Quelles pourraient être les conséquences d’un désintérêt total pour l’Europe ?
Ce serait dangereux. Ca l’est aujourd’hui pour certains pays comme la Pologne ou la Hongrie. Au Royaume-Uni, on voit les conséquences. Quant à l’Italie et son gouvernement très populiste et très d’extrême droite, donc pas forcément pro-européen à la base, on voit maintenant à quel point la présidente du Conseil italien, Georgia Meloni, a intégré l’UE dans son propre agenda.
A quoi ce « rapprochement » de Georgia Meloni vis-à-vis de l’UE est-il dû ? Aux réussites de la politique européenne sur le vaccin, à la solidarité des Etats membres vis-à-vis de l’Ukraine ?
La grande rupture, ça a été le Brexit et ses conséquences pour l’économie et la société britannique que tous les Européens voient. Ca a complètement inversé les chiffres dans les sondages d’opinions, particulièrement en France ou en Italie, qui montraient une défiance assez forte vis-à-vis de l’Union européenne. L’approbation à l’UE a beaucoup progressé. C’est le cas pour les vaccins, pour le plan de relance, pour les subventions énormes qui proviennent de l’Europe, pour les décisions militaires vis-à-vis de l’Ukraine, comme vous dites, ou pour la gestion de la politique énergétique ou industrielle. Après, il y a toujours des gens qui sont sceptiques ou qui mettent toujours en doute tout ce que fait l’UE par atavisme et par tropisme personnel.
A qui revient en premier, selon vous, la responsabilité de donner une autre image de l’Union européenne ou au moins de mieux expliquer son rôle ? A la presse ? Aux responsables politiques ?

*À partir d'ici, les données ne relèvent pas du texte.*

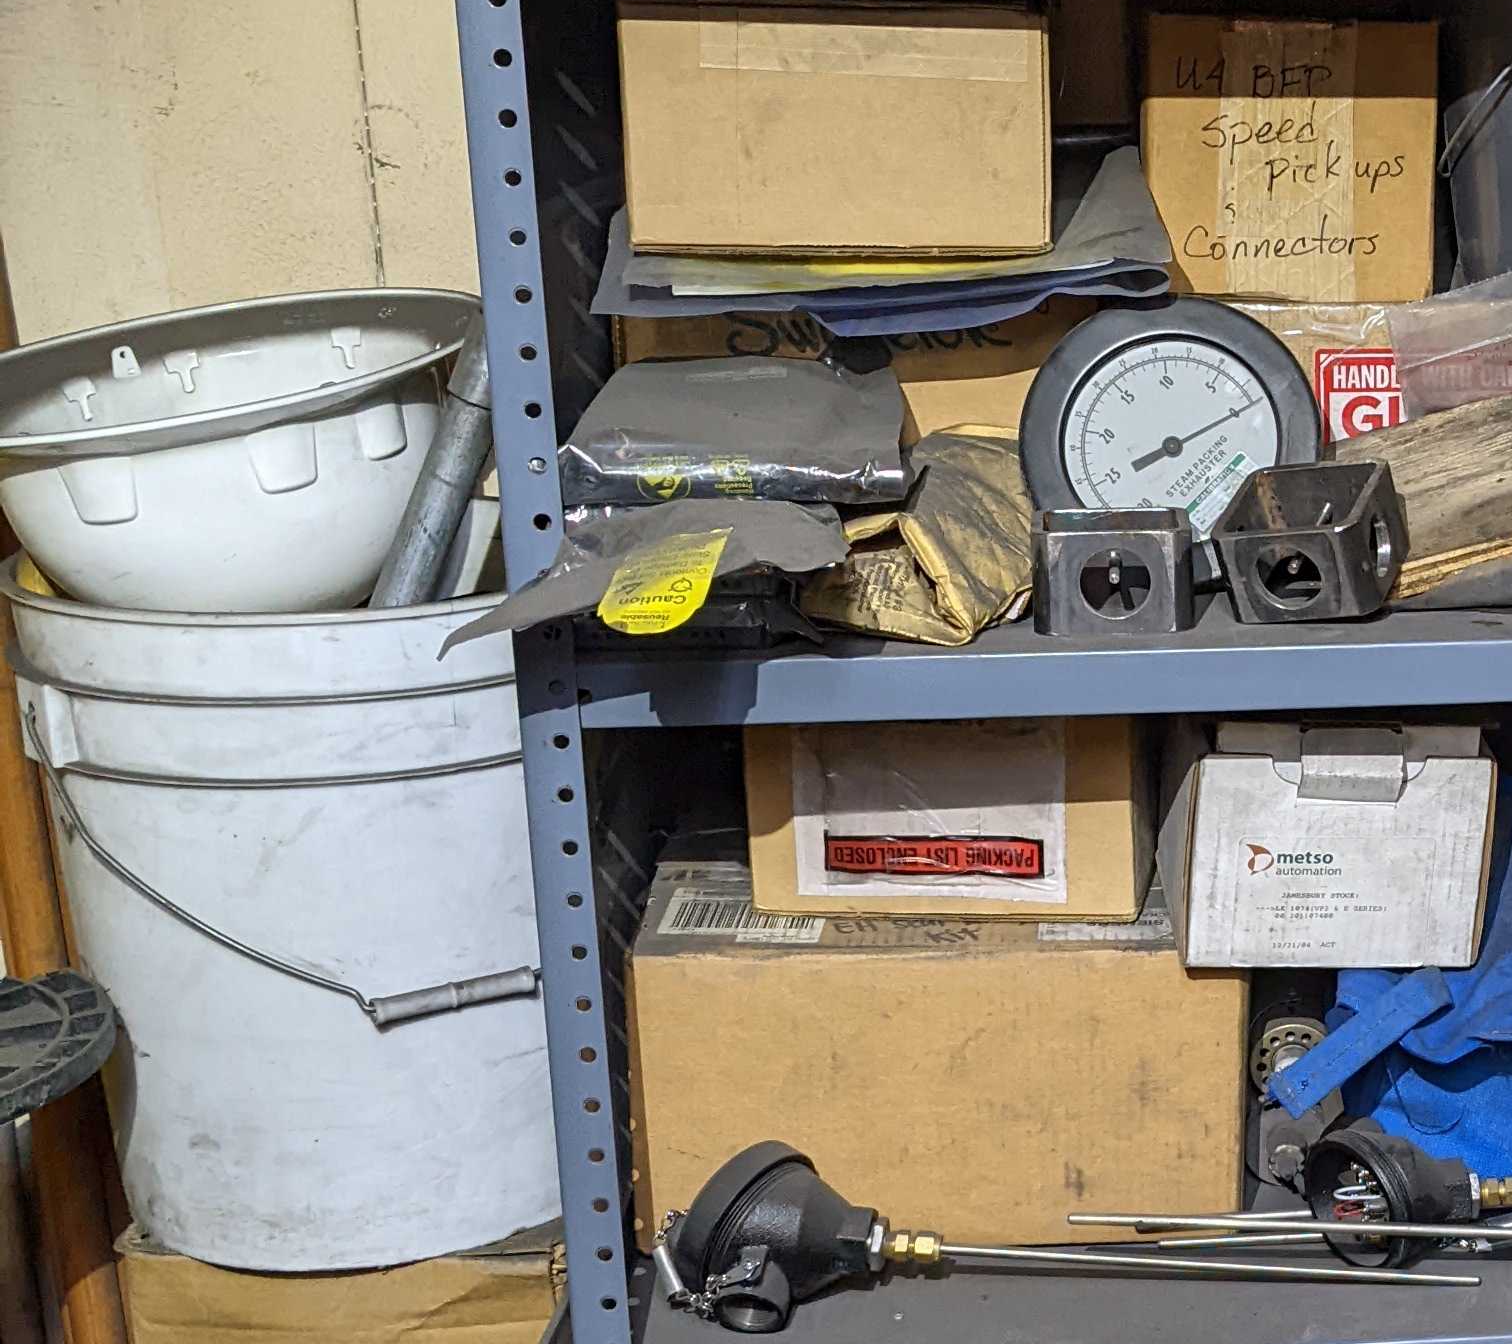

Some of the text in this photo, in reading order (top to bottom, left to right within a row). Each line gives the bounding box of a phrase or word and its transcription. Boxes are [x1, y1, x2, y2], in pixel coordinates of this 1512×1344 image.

L’image de l’UE n’est pas au cœur de nos préoccupations de journalistes. On s’efforce, en tout cas c’est mon cas, de couvrir, de comprendre, de décrypter ce qui se passe dans l’UE et le rôle que notre pays peut jouer dans cette actualité. Sans essayer d’en donner une image positive mais on voit depuis, on va dire, l’arrivée du président Macron mais aussi de la présidente de la Commission Ursula Von der Leyen, une Europe beaucoup plus politique, beaucoup plus stratégique mais qui essaye aussi d’être beaucoup plus proche des citoyens, d’être en prise avec leurs préoccupations. Ursula Von der Leyen en a fait, je pense, un combat personnel. Elle communique énormément. Peut-être que tous les Français ne sont pas familiers avec elle et ne suivent pas ses discours mais, en tout cas, c’est ce qu’elle s’efforce de faire ; de communiquer dans tous les pays, dans toutes les langues, de se déplacer beaucoup et de ne pas être juste une sorte de machin lointain comme aurait pu dire un de nos politiciens.